WHAT IS EXPECTED:
Below are the records. Reproduce exactly the lines from the one containing "this 2352×1568 image." through the final line, and omit any pictures.

TASK INPUT:

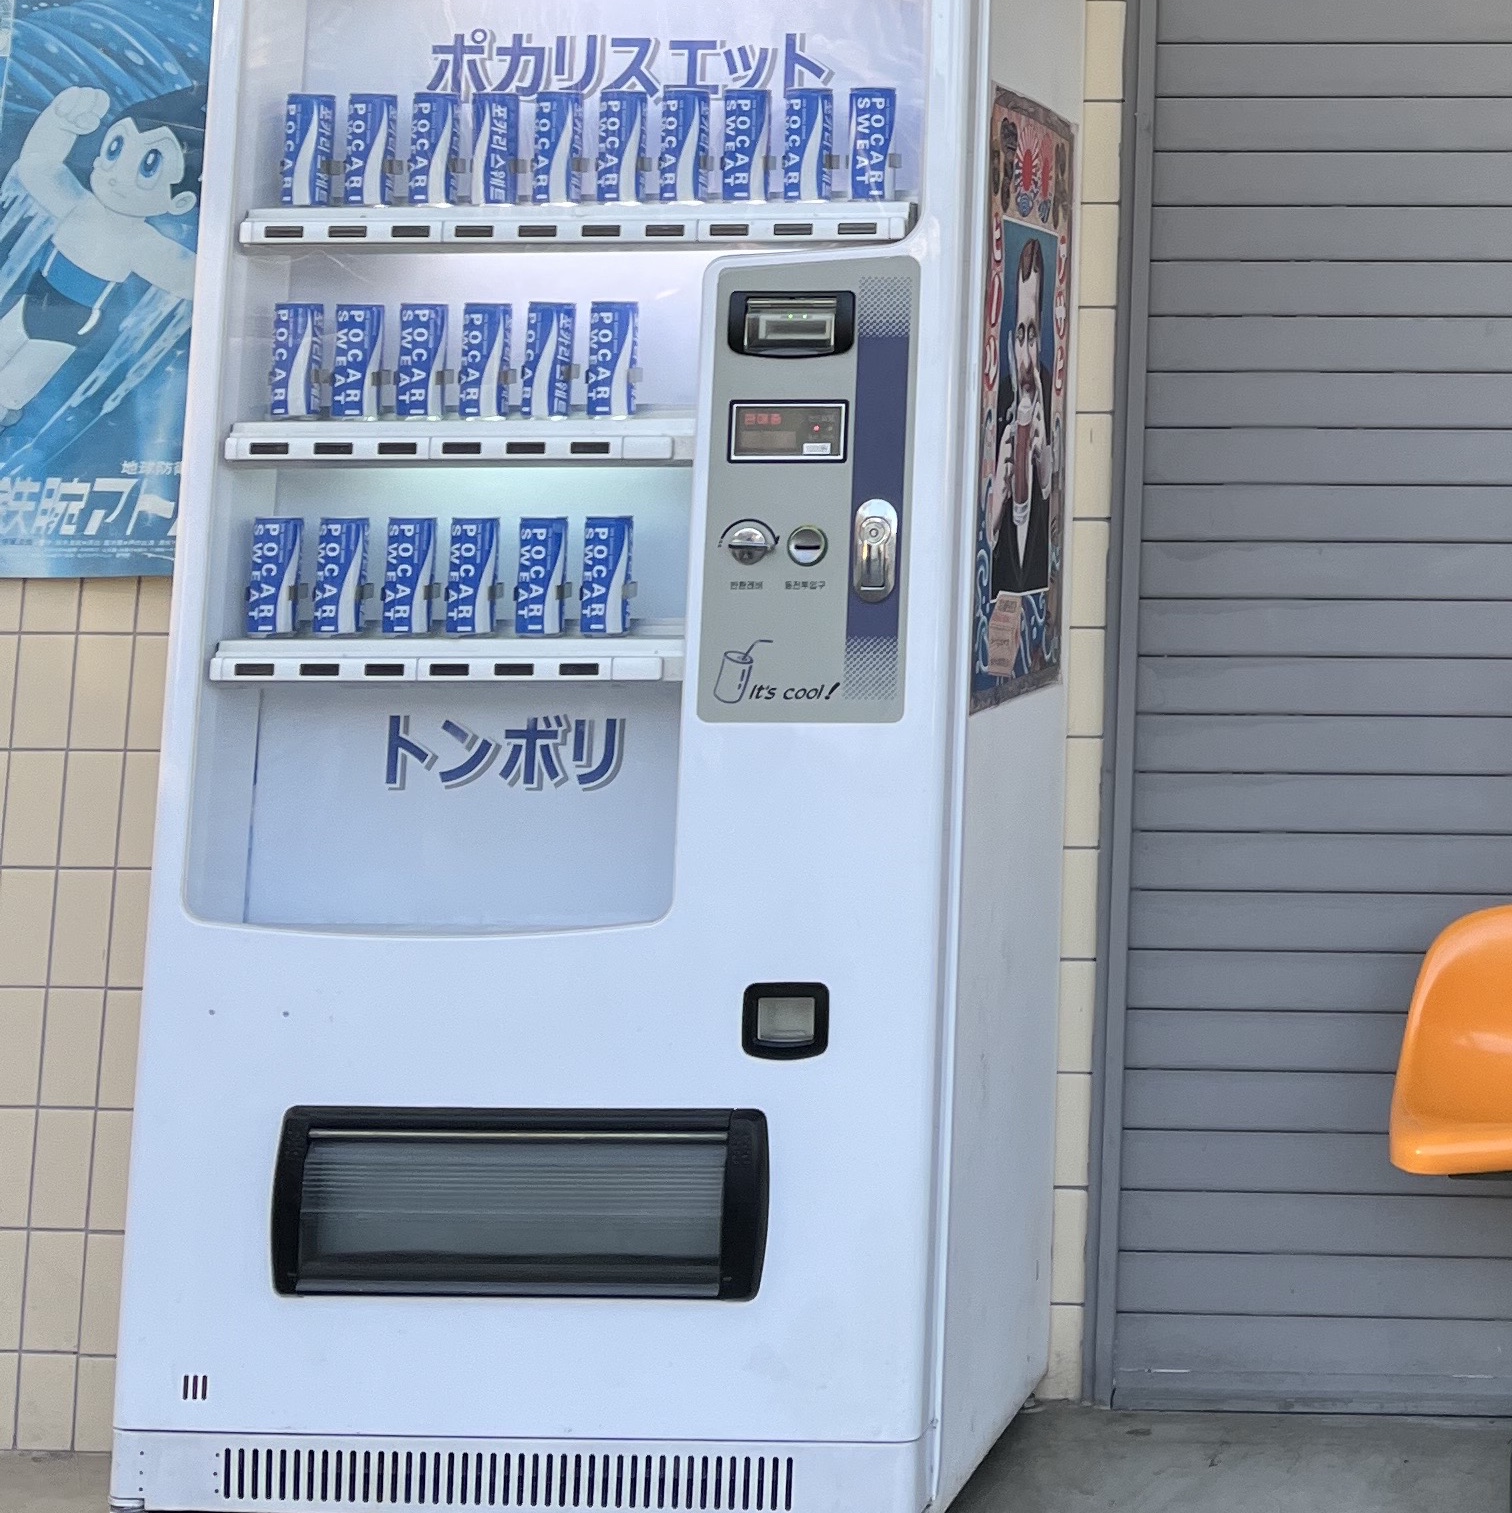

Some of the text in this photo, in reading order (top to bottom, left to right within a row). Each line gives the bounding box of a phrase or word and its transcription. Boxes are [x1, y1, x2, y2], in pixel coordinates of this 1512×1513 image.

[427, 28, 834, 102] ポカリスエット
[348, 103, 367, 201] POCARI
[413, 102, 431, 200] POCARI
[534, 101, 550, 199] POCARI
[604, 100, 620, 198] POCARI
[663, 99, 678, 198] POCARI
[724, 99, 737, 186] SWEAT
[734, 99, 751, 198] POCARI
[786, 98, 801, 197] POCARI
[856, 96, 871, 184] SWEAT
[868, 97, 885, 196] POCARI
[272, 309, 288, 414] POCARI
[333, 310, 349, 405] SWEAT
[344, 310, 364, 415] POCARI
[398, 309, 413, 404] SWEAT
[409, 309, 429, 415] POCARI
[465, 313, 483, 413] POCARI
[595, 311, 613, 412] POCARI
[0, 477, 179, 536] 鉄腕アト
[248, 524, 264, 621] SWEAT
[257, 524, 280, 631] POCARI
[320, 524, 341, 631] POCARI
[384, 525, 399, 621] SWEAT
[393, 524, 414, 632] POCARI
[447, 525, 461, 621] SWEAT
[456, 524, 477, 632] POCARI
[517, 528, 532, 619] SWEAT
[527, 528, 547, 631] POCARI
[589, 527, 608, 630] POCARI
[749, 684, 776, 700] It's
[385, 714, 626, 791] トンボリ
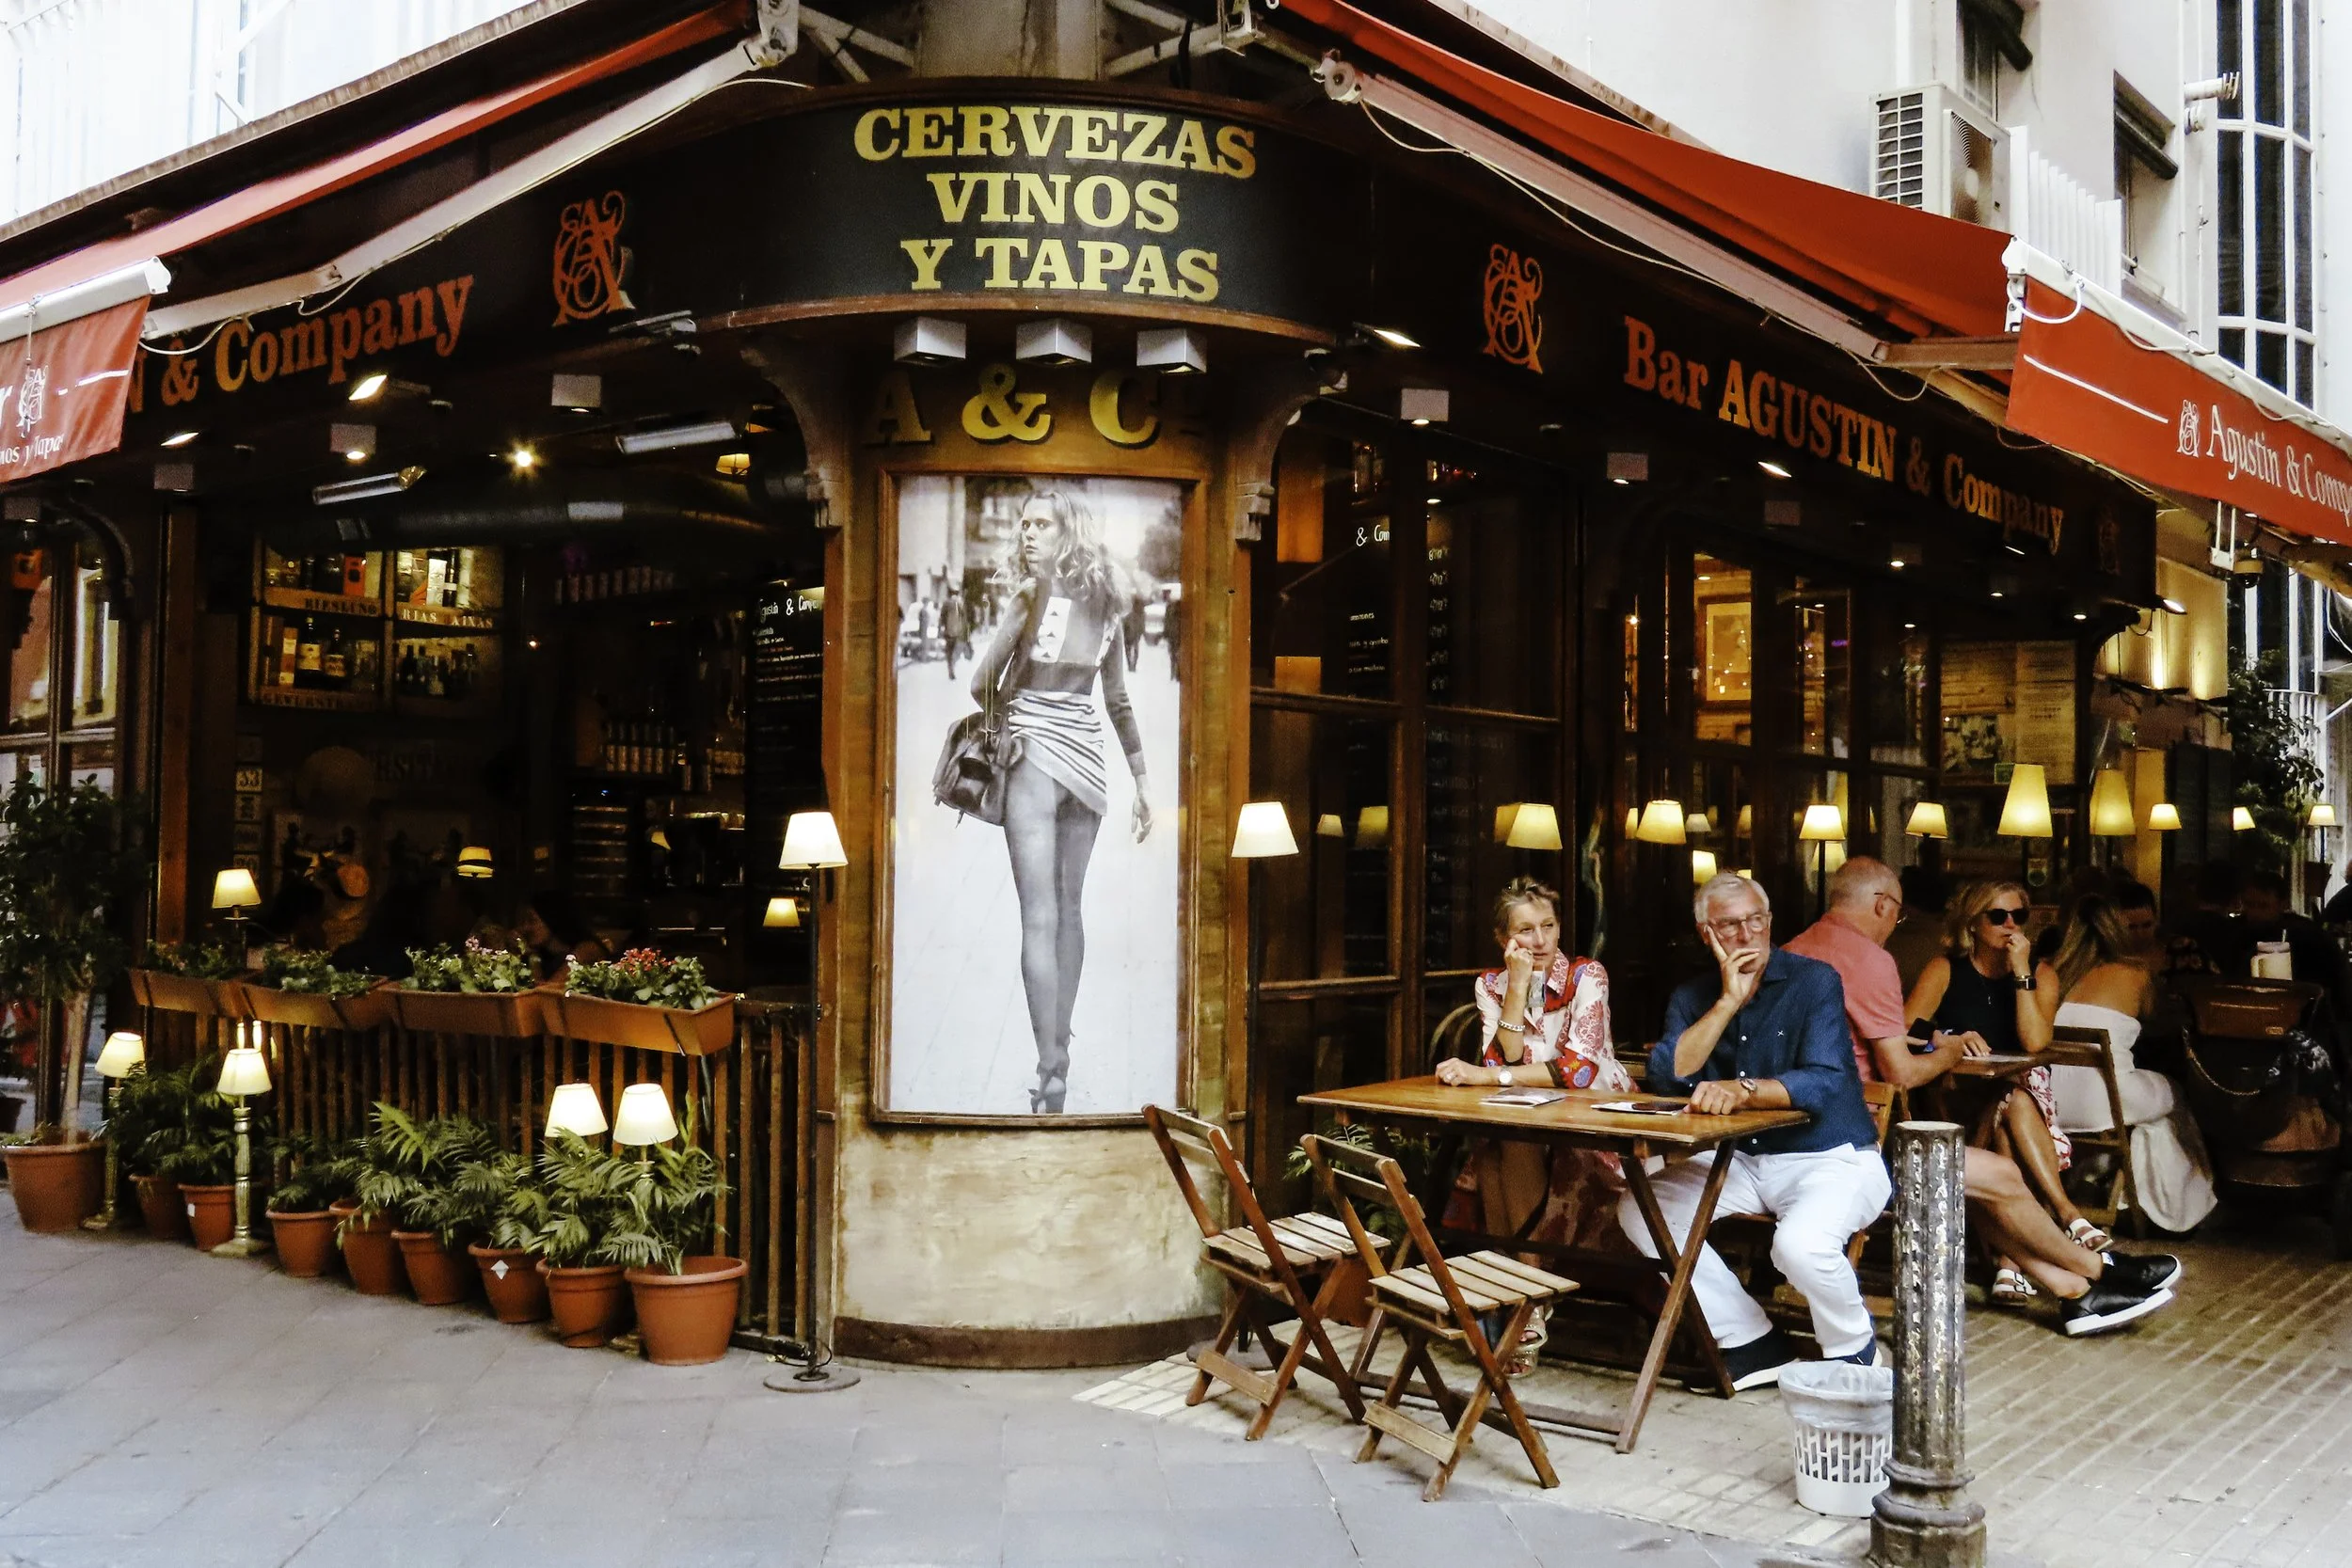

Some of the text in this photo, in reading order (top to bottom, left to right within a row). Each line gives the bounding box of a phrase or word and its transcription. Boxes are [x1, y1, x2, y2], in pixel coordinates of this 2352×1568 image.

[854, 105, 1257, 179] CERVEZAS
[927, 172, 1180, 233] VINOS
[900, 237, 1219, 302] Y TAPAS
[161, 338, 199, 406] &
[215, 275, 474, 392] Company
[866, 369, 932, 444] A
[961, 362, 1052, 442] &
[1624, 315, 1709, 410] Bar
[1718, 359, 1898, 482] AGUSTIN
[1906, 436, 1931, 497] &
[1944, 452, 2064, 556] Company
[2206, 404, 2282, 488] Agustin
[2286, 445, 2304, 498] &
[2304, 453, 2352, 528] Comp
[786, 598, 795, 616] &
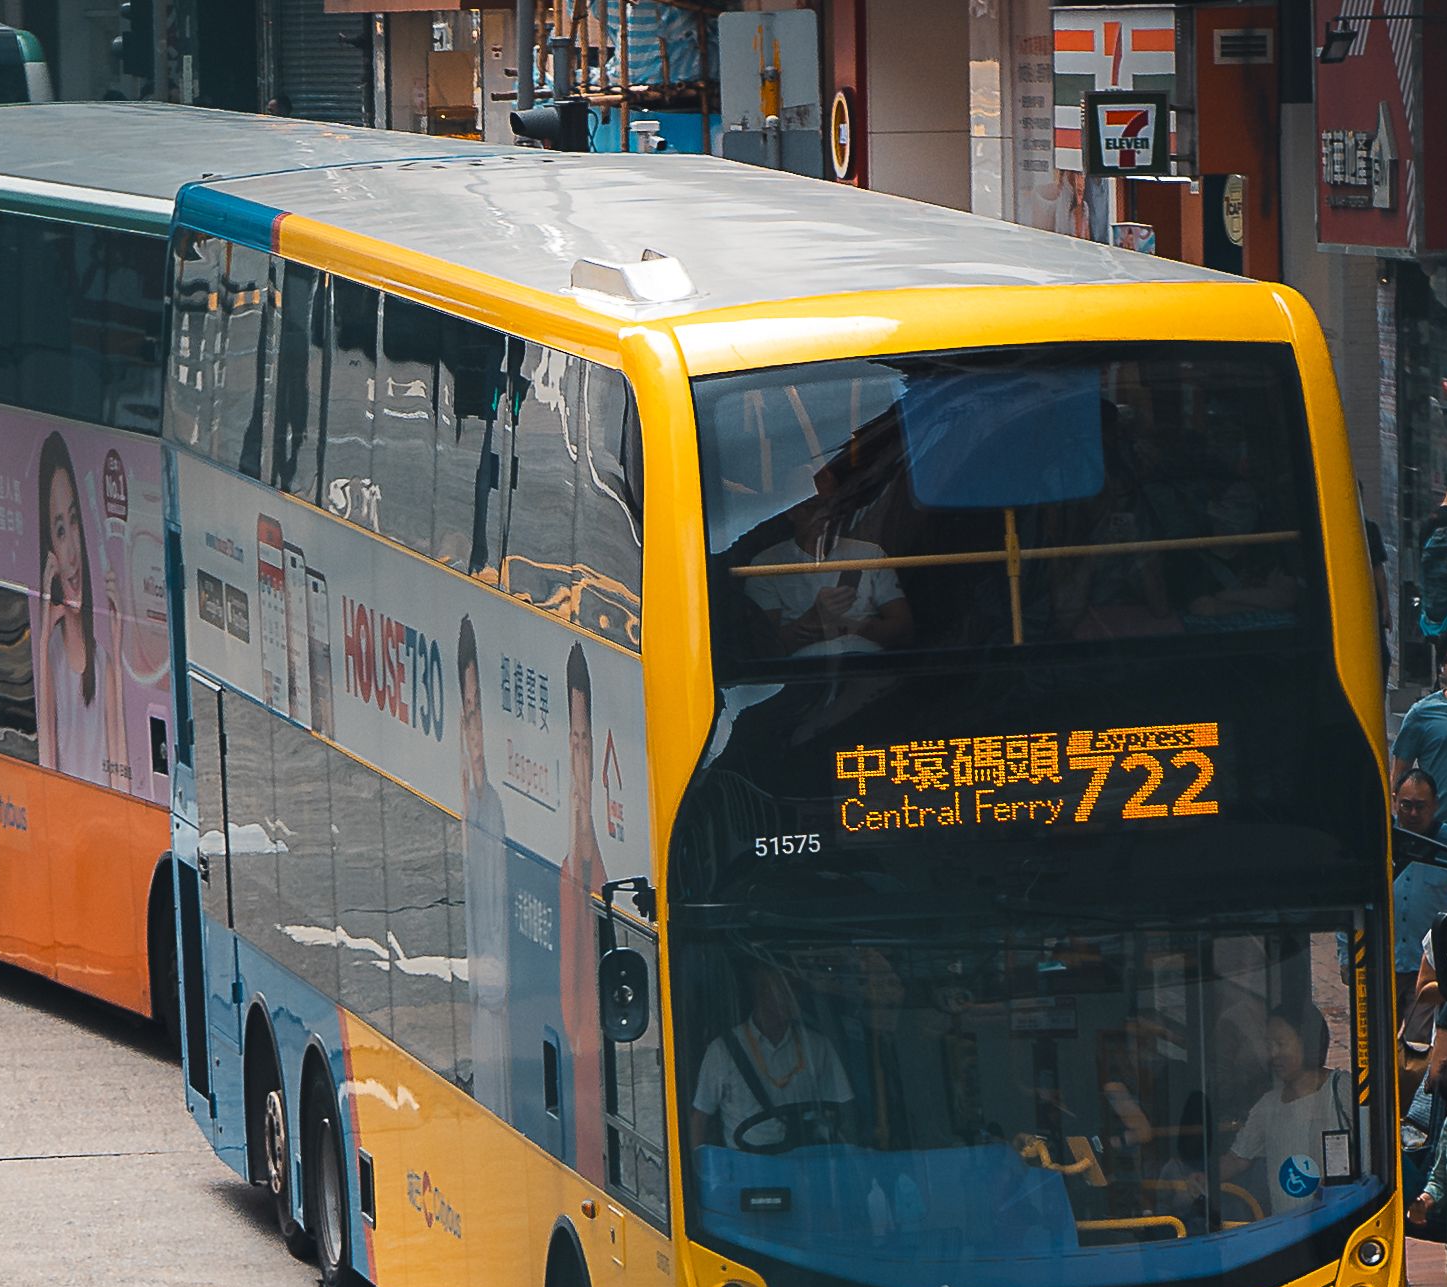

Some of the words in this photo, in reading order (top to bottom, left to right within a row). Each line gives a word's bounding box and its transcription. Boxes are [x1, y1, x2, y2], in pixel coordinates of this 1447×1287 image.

WORKED SOLUTION:
Some of the text in this photo, in reading order (top to bottom, left to right within a row). Each line gives the bounding box of a phrase or word and its transcription. Boxes are [x1, y1, x2, y2], in pixel coordinates of this 2352×1568 image.

[854, 105, 1257, 179] CERVEZAS
[927, 172, 1180, 233] VINOS
[900, 237, 1219, 302] Y TAPAS
[161, 338, 199, 406] &
[215, 275, 474, 392] Company
[866, 369, 932, 444] A
[961, 362, 1052, 442] &
[1624, 315, 1709, 410] Bar
[1718, 359, 1898, 482] AGUSTIN
[1906, 436, 1931, 497] &
[1944, 452, 2064, 556] Company
[2206, 404, 2282, 488] Agustin
[2286, 445, 2304, 498] &
[2304, 453, 2352, 528] Comp
[786, 598, 795, 616] &

Some of the words in this photo, in reading order (top to bottom, left to right within a row). Each line gives a word's bounding box and its transcription. Boxes are [x1, y1, x2, y2], in pixel coordinates of this 1447×1287 image.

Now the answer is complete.